Part. G (Pengantin Baru)

750 56 0
                                    

Arza menghampiri ayah mertuanya yang sedang mengobrol dengan paman Hani. Tak lupa, Arza menyapa bibi Hani yang sedang meletakkan minuman serta cemilan di atas meja.

Pak Satri tersenyum menyambut kedatangan anak menantunya. Ia segera menggeser posisi duduknya agar Arza bisa duduk di sampingnya dalam satu sofa.

Mendapati bahwa kehadirannya sudah ditunggu-tunggu, Arza tidak menunggu lama lagi untuk segera bergabung dengan keluarga istrinya. Sebenarnya Arza penasaran, kenapa ayah mertuanya memintanya bergabung bersama keluarga Hani yang lain, padahal ini adalah malam pertamanya bersama Hani sebagai sepasang suami dan istri baru.

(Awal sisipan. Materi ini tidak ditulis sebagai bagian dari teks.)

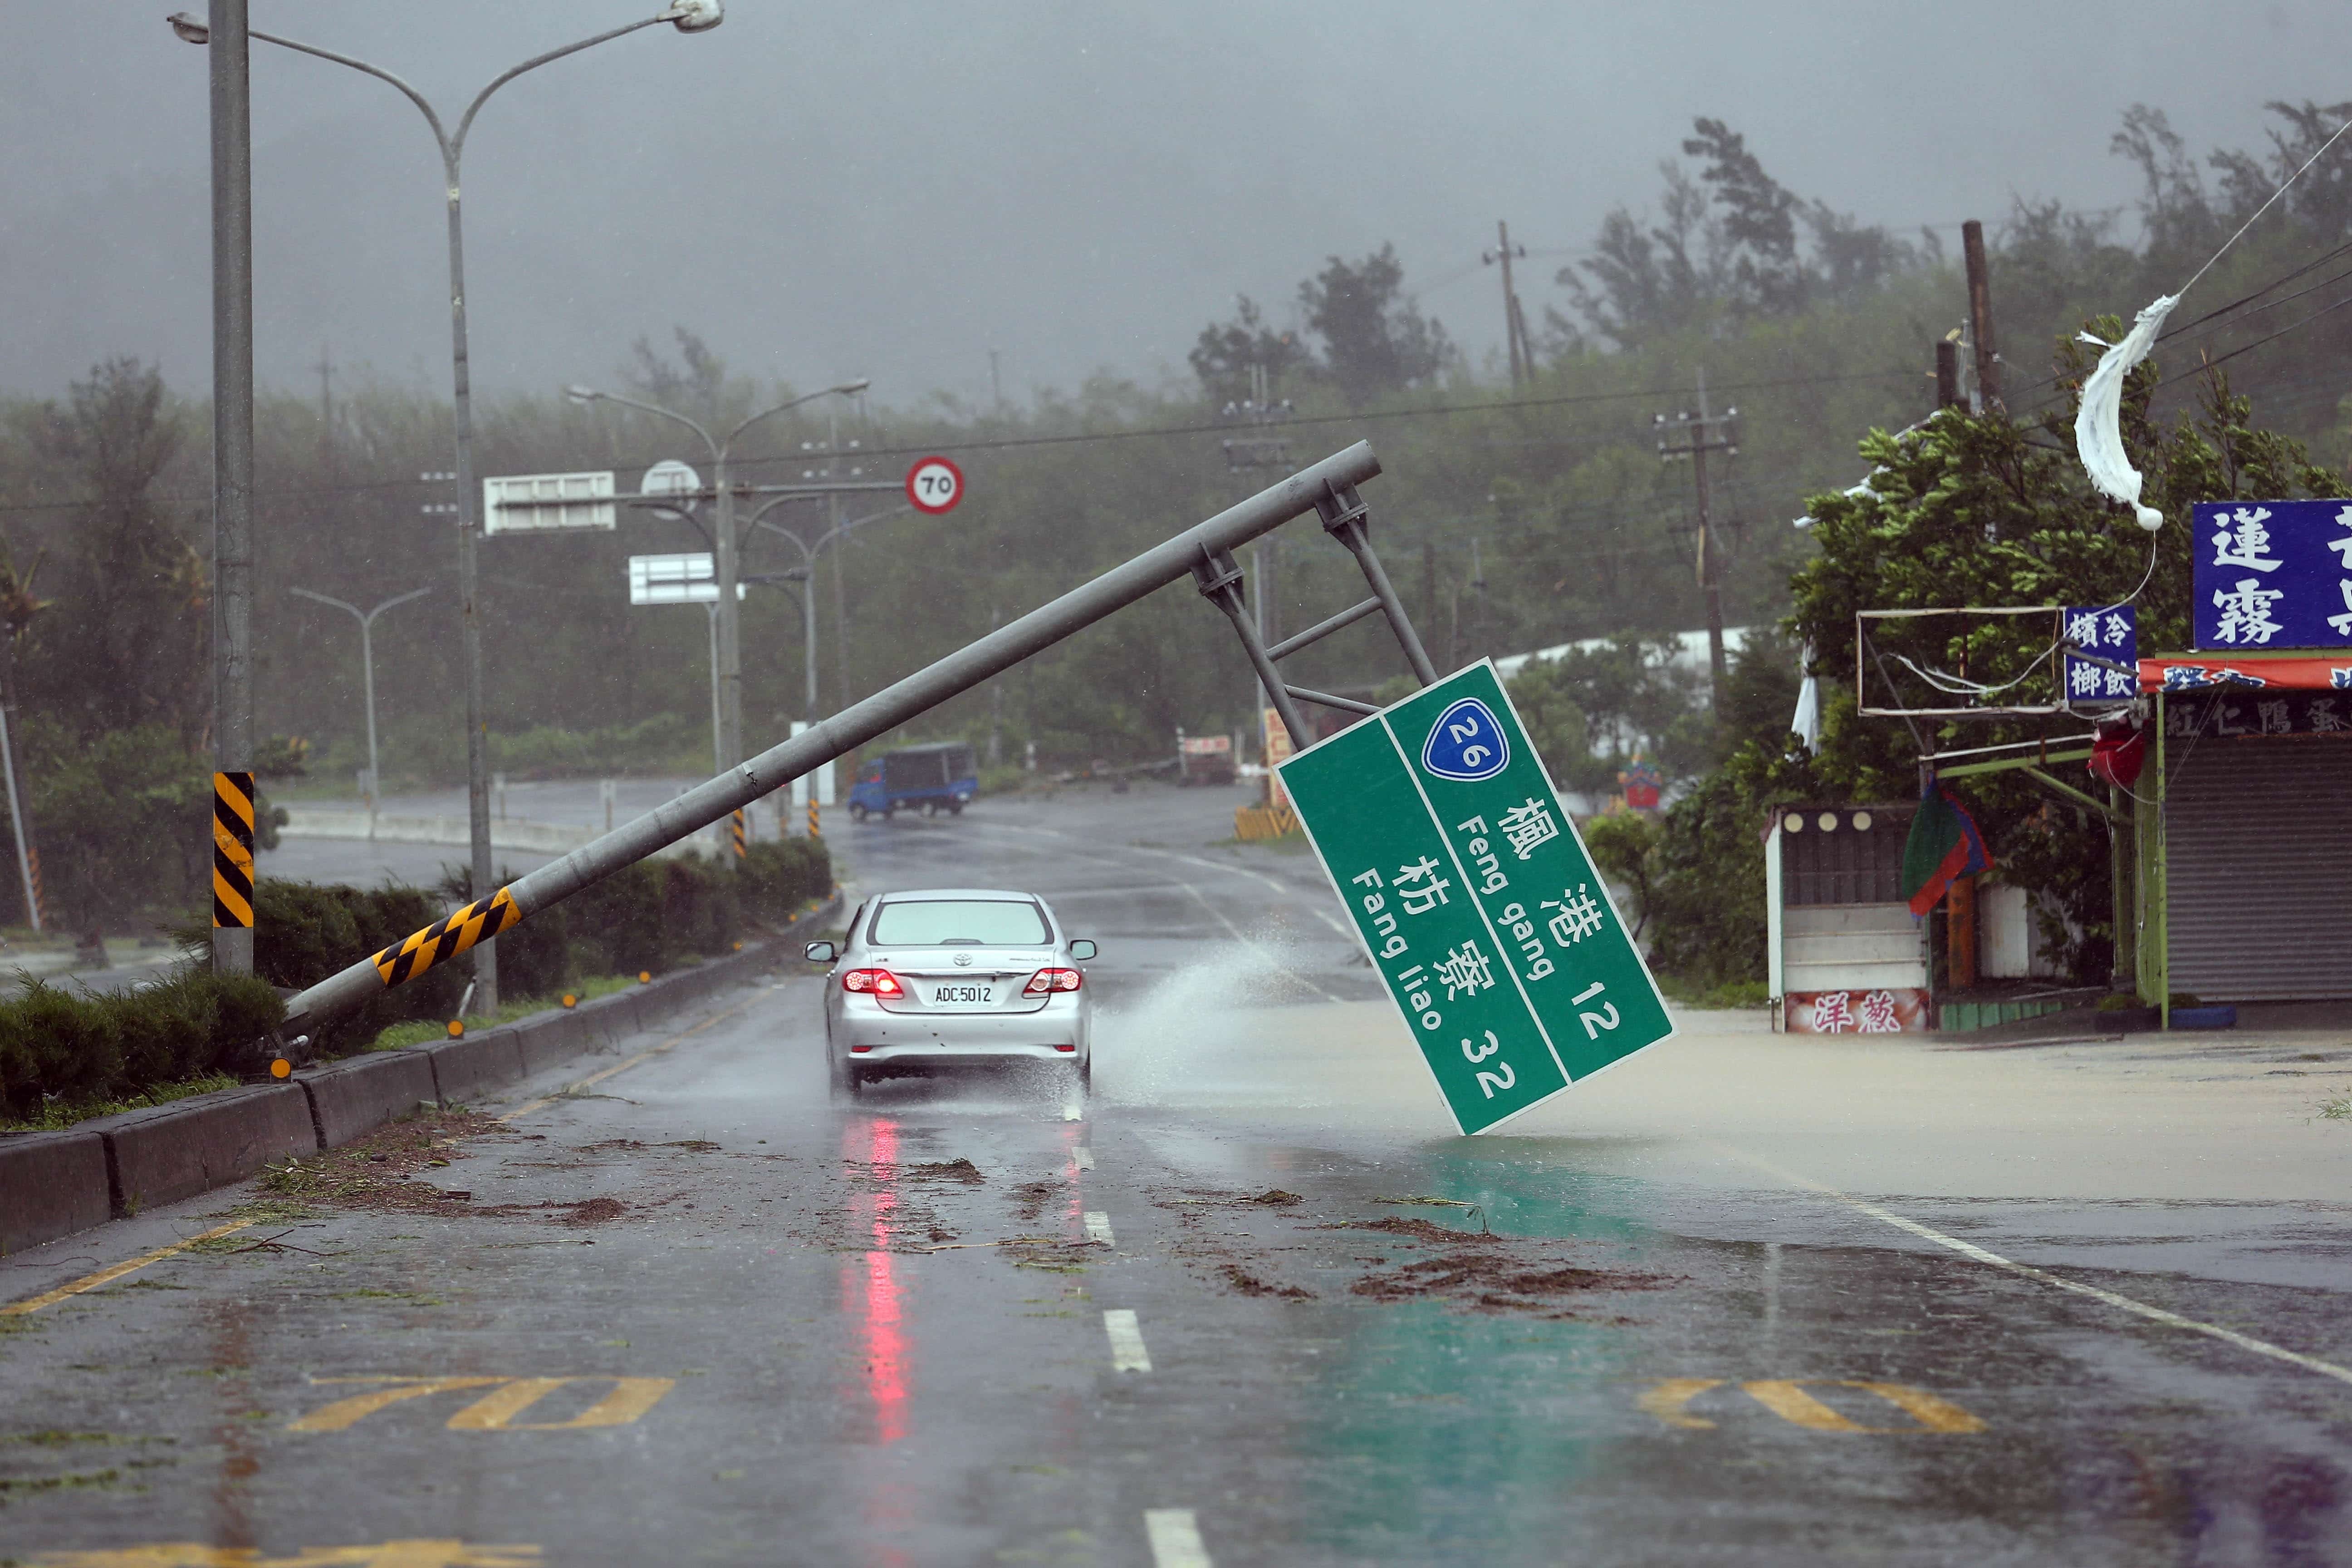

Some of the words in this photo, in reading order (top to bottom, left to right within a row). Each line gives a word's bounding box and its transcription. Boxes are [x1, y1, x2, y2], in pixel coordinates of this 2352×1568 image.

[921, 476, 952, 495] 70
[2211, 506, 2284, 643] 蓮霧
[2069, 612, 2101, 697] 檳榔
[2103, 612, 2133, 696] 冷飲
[1449, 716, 1491, 767] 26
[1352, 867, 1409, 959] Fang
[1398, 965, 1441, 1030] liao
[1457, 815, 1509, 895] Feng
[1497, 902, 1555, 981] gang
[1498, 797, 1603, 948] 楓港
[1571, 981, 1620, 1040] 12
[1392, 855, 1496, 1002] 枋寮
[1461, 1029, 1516, 1099] 32
[285, 1376, 677, 1431] 70

"Papa mengganggu kalian ya?" tanya Pak Satri setelah Arza bergabung dengan keluarga besar Hani yang laki-laki. Laki-laki yang menjadi sosok ayah itu tersenyum meminta maaf kepada Arza. "Maaf ya, kalian bisa lanjut nanti, tapi kalau kalian merasa tidak nyaman sebaiknya kalian pergi ke hotel saja. Papa yakin kalian akan lebih nyaman kalau tidur di hotel."

Arza memaksakan senyumnya. Sebenarnya Arza masih merasa canggung dengan ayah mertuanya. "Tidak apa-apa, Pa. Kami juga masih belum tidur. Tapi sebelumnya saya minta maaf, maksud papa kalau kami merasa tidak nyaman tadi apa ya, Pa?"

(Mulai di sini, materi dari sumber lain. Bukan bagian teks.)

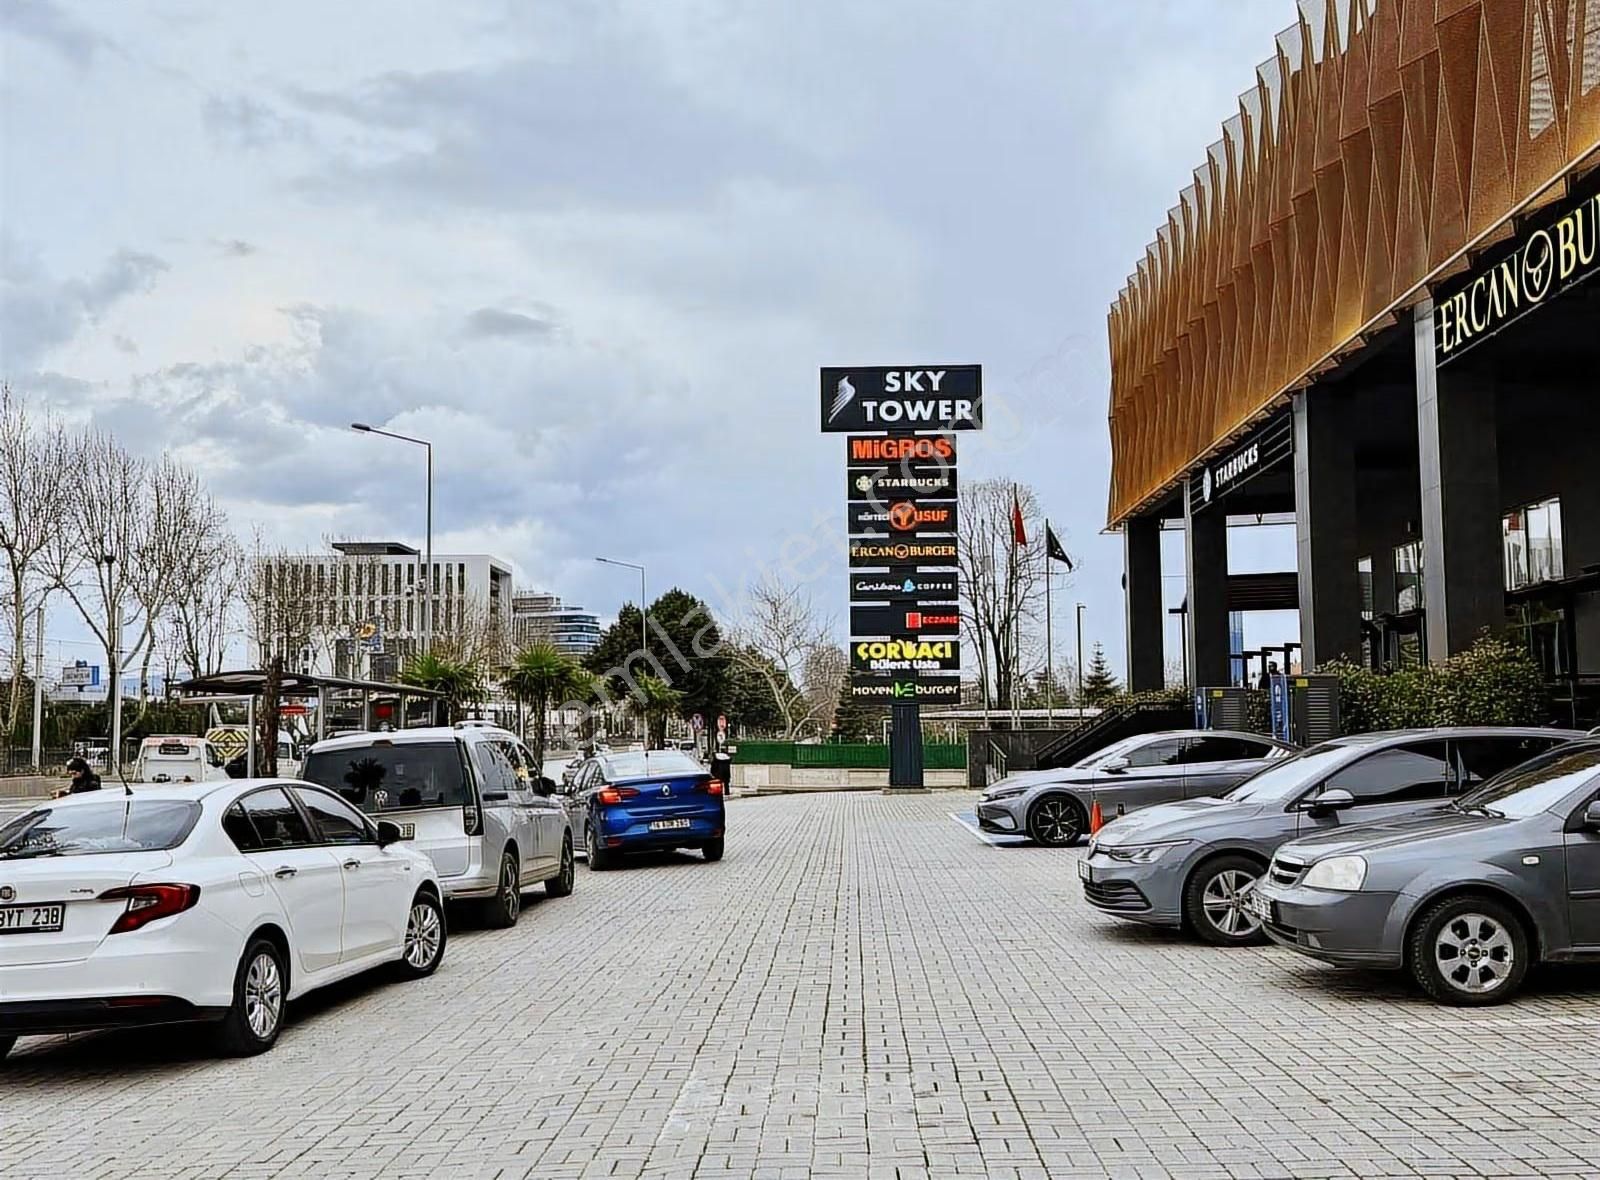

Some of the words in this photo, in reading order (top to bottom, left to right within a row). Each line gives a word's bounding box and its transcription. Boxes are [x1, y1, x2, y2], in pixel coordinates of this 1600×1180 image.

Pak Satri tertawa menanggapi kepolosan menantunya, atau mungkin saja berpura-pura polos. "Rumah ini masih ramai sampai pembubaran panitia selesai, dan acaranya akan dimulai sebentar lagi. Kalau kalian merasa terganggu dengan kebisingan yang akan ditimbulkan rapat sebaiknya kalian tidur di hotel saja."

Paman Hani ikut menyahut. "Kami ini mengerti situasi pengantin baru yang ingin suasana tenang," ucap paman Hani menggoda si pengantin baru.

Arza tersenyum lagi. Kini dia sudah mengerti sepenuhnya maksud ucapan dari ayah mertuanya. "Oh, tidak apa-apa, Pa. Kami tidur di rumah saja, angin malam tidak begitu baik apalagi kami sama-sama dalam kondisi yang kelelahan, lagipula cukup jauh menuju ke hotel, Pa," jawab Arza dengan nada yang cukup hati-hati, takut bila dia menyinggung ayah mertuanya.

Pak Satri mengangguk paham. "Ya sudah. Papa menurut kalian saja. Oh ya, sebaiknya kamu segera tidur karena pasti Hani sudah terlelap lebih dulu. Anak itu memang sangat suka tidur."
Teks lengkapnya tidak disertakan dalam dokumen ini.